Hedges are not necessarily bushes or trees. In Essex a hedgerow can be a narrow wood and in Cornwall the term hedge often refers to an earth and stone bank but which is sometimes happens to be topped with bushes.
Very old hedges also show another characteristic which is noticeable when it has been neglected. A bank of earth builds up at the base of the hedge. In Cumbria this is known as a cop or kess. If the land has been under plough there is a gradual movement of soil downhill with each ploughing forming a lynchet. Even if the land has not been ploughed, on steep ground there is still a tendency for soil to build up at hedge bottoms (or walls for that matter) under gravity and rain run off.
This particular old hedge is at Rye Banks on the lower slopes of Roseberry Topping.
The exact location of this spring high on the summit of Roseberry Topping and intrigued me for years. It’s marked on the Ordnance Survey map as very near the rock outcrop on the bottom right of the photo. Yet it’s barely damp and hardly the spring where the young Prince Oswy drowned having been taken to the highest hill in the kingdom by his mother to escape a prophecy that he would drown on his second birthday. But I guess the mining activities and rockfalls could have altered the water table.
Below is Roseberry Common with Guisborough in the distance.
A carnage was narrowly averted on Roseberry Common today. There was I jogging along the enclosed track to Hutton Woods, Kirby, the dog, was ten metres or so ahead and ten metres further on in front of the gate were four roe deer, happily grazing away. I shouted “down!”, and amazingly she did. But on hearing my voice the deer went into panic mode, head butting the stock fence in vain attempts to get through. Why didn’t they just jump it? It was only a metre high and they must have cleared it to get onto the track in the first place.
They tried left, they went right and they tried next to the gate and then one finally decided to dash past me on the track. A couple went right and I grabbed a photo. A third went left, straight into where Kirby was still patiently sitting. That was her cue, my command forgotten and oblivious to my shouts.
She has caught the odd myxied rabbit before and once a pheasant when it tried too to fly through a fence. When she’s alone with me I have no concerns controlling her near sheep. She’s given up on grouse, a waste of energy. Deer are no contest, she’s no match for their speed through the forest. But what does one deer do, it runs straight into a corner.

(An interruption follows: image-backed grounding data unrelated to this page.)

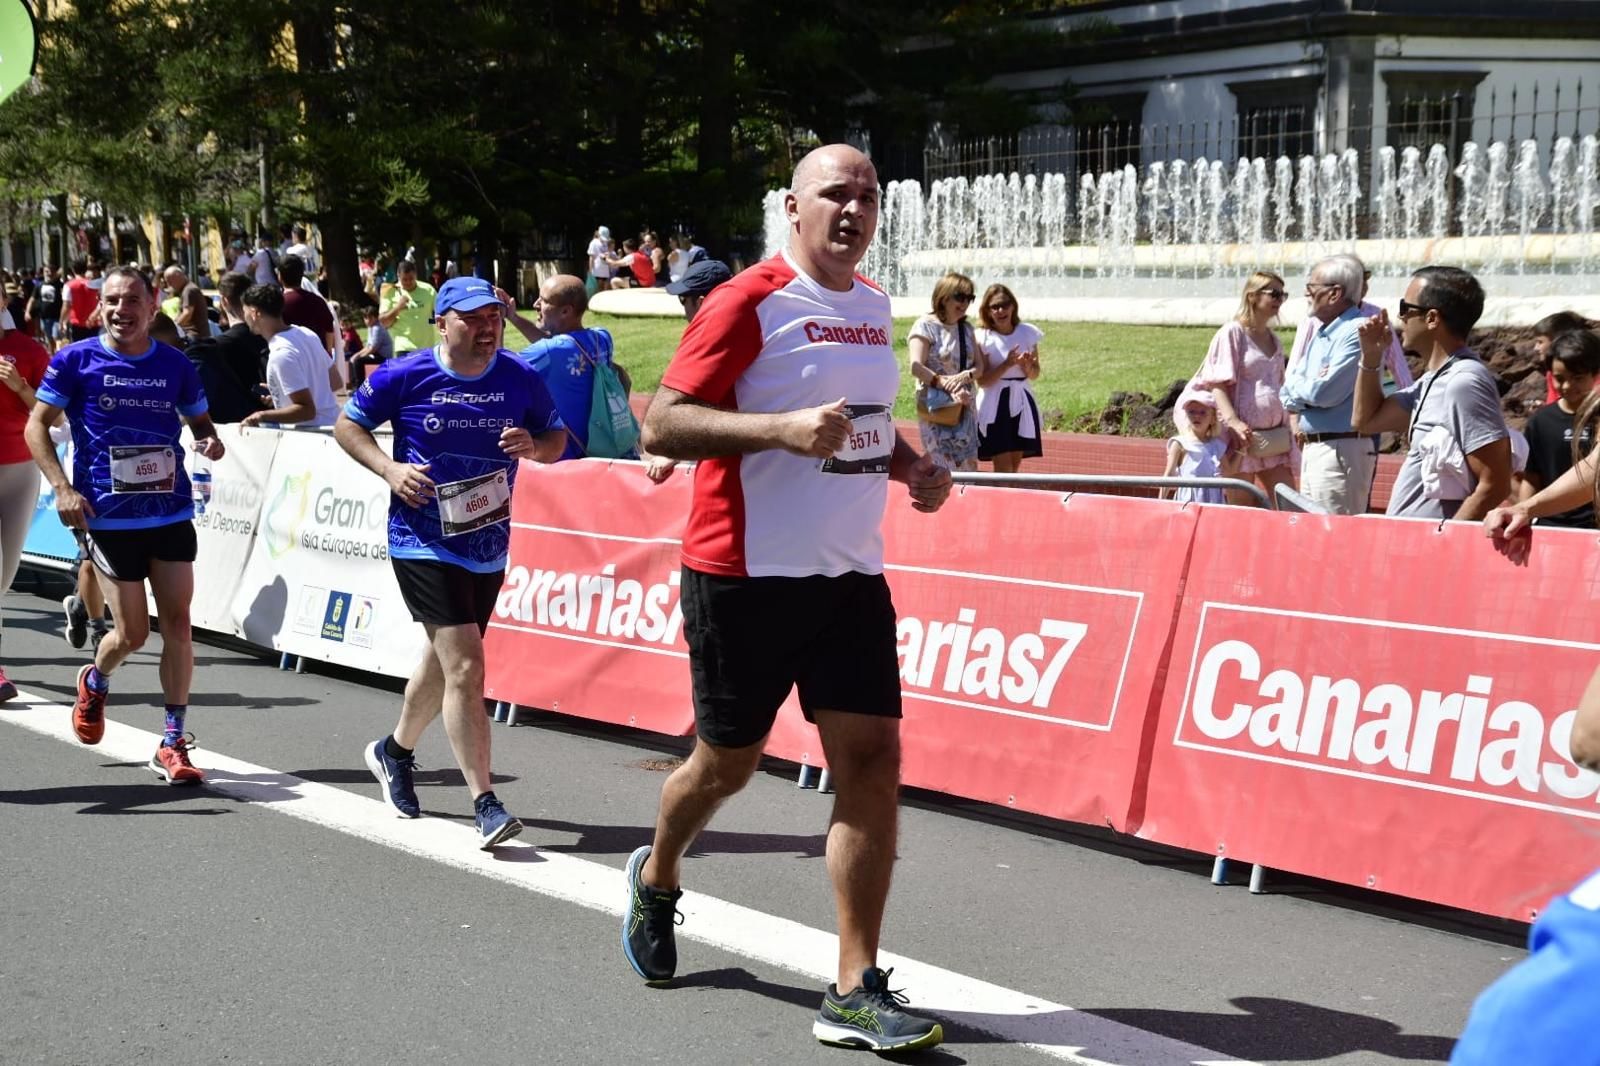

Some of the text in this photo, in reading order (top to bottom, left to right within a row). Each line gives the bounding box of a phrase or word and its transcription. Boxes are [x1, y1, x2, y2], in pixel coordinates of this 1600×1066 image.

[119, 398, 172, 409] MOLECOR
[447, 418, 514, 429] MOLECOR
[850, 429, 880, 451] 5574
[135, 462, 159, 477] 4592
[465, 495, 489, 514] 4608
[212, 511, 252, 537] Deporte
[321, 533, 367, 560] Europea
[896, 607, 1089, 709] arias7
[1191, 640, 1600, 803] Canarias

We have always thought Kirby had a soft bite, from the Labrador in her, bred to avoid tearing game birds when retrieving them after being shot. Now Usain Bolt would have been impressed with my speed in closing the gap. She cowered, mouth full of fur; the Jezelbel. Do dogs feel guilt? The deer scarpered off down the track to rejoin its mates and I tried to recover from my oxygen debt.

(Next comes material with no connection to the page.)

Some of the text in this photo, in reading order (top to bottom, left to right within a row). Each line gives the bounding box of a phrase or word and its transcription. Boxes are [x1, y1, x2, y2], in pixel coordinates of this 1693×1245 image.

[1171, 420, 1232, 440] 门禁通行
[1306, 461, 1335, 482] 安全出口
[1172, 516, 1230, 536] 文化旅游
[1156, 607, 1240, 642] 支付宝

I came across this amorous couple this morning on Roseberry Common. Butterflies are usually so flighty they’re difficult to photograph but so engrossed were these I could get within an inch with my little camera set on macro. They’re Ringlets apparently, quite common.

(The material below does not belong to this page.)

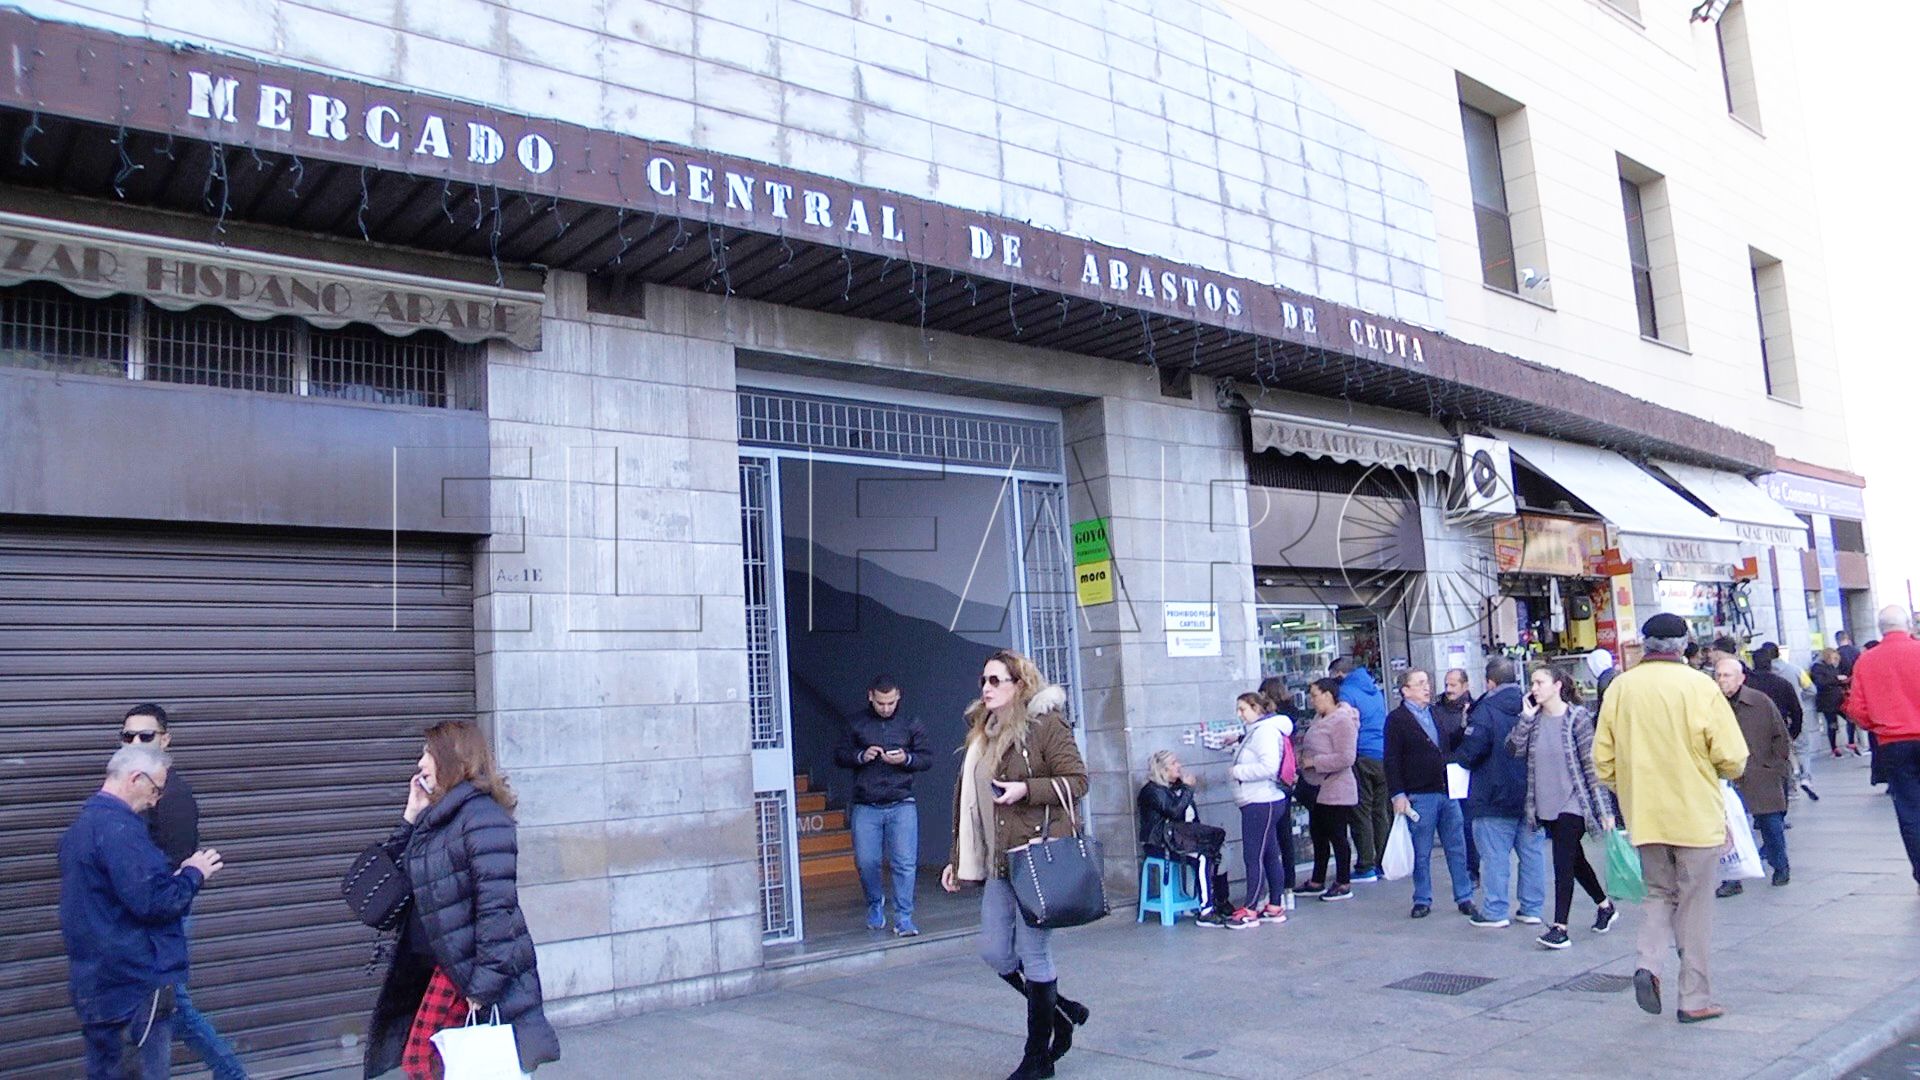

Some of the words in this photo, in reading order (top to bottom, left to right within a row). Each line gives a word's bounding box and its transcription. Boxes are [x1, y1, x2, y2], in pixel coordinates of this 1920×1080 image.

I have posted a photo of this new downhill mountain bike track on Ryston Bank before. It’s quite a feat of engineering. I don’t begrudge the building of the track but I am concerned about the source of the sandstone rocks used to make the berms and ramps. Roseberry Common, beyond the fence and ruined dry stone wall, is National Trust land and it is the intention to rebuild the wall to provide shelter for birds, insects and small mammals. Something which will not be possible if the stones have disappeared.